Przykładowe konfiguracje: https://github.com/EpistasisLab/tpot/tree/master/tpot/config

%%bash
conda install -c conda-forge tpot

# Przygotowanie danych

In [18]:
from tpot import TPOTClassifier

import pandas as pd
import numpy as np

In [26]:
X_train = pd.read_csv("../output/X_train.csv", index_col = "index")
y_train = pd.read_csv("../output/y_train.csv", names = ["index", "klasa"], index_col = "index")

X_test = pd.read_csv("../output/X_test.csv", index_col = "index")
y_test = pd.read_csv("../output/y_test.csv", names = ["index", "klasa"], index_col = "index")

In [27]:
y_train["klasa"].replace(["Ł"], 0, inplace = True)
y_train["klasa"].replace(["Z"], 1, inplace = True)

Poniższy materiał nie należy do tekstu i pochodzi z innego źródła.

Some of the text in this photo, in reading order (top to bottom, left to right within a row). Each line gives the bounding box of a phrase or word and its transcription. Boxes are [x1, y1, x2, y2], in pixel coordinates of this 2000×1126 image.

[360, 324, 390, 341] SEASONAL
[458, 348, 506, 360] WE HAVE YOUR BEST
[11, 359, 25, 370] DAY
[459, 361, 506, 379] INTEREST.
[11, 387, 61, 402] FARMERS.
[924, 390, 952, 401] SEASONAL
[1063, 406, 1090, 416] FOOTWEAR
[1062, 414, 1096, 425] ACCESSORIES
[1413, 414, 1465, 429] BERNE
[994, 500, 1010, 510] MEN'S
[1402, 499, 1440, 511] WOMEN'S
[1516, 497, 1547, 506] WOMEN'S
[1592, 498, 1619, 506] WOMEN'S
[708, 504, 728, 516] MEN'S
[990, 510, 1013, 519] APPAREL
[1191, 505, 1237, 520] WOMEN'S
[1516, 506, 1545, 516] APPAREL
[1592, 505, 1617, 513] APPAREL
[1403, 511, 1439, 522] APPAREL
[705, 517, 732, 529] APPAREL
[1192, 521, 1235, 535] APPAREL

y_test["klasa"].replace(["Ł"], 0, inplace = True)
y_test["klasa"].replace(["Z"], 1, inplace = True)

# Użycie znanych modeli

In [3]:
konfiguracja_tpot = {
    'sklearn.tree.DecisionTreeClassifier': {
        'criterion': ["gini", "entropy"],
        'max_depth': range(1, 11),
        'min_samples_split': range(2, 21),
        'min_samples_leaf': range(1, 21)
    },
    'sklearn.ensemble.RandomForestClassifier': {
        'n_estimators': [100],
        'criterion': ["gini", "entropy"],
        'max_features': np.arange(0.05, 1.01, 0.05),
        'min_samples_split': range(2, 21),
        'min_samples_leaf':  range(1, 21),
        'bootstrap': [True, False]
    }
}

In [6]:
klasyfikator = TPOTClassifier(config_dict = konfiguracja_tpot, 
                              generations = 5, 
                              population_size = 50, 
                              verbosity = 2, 
                              random_state = 42)

In [7]:
klasyfikator.fit(features = X_train, target = y_train.values.ravel())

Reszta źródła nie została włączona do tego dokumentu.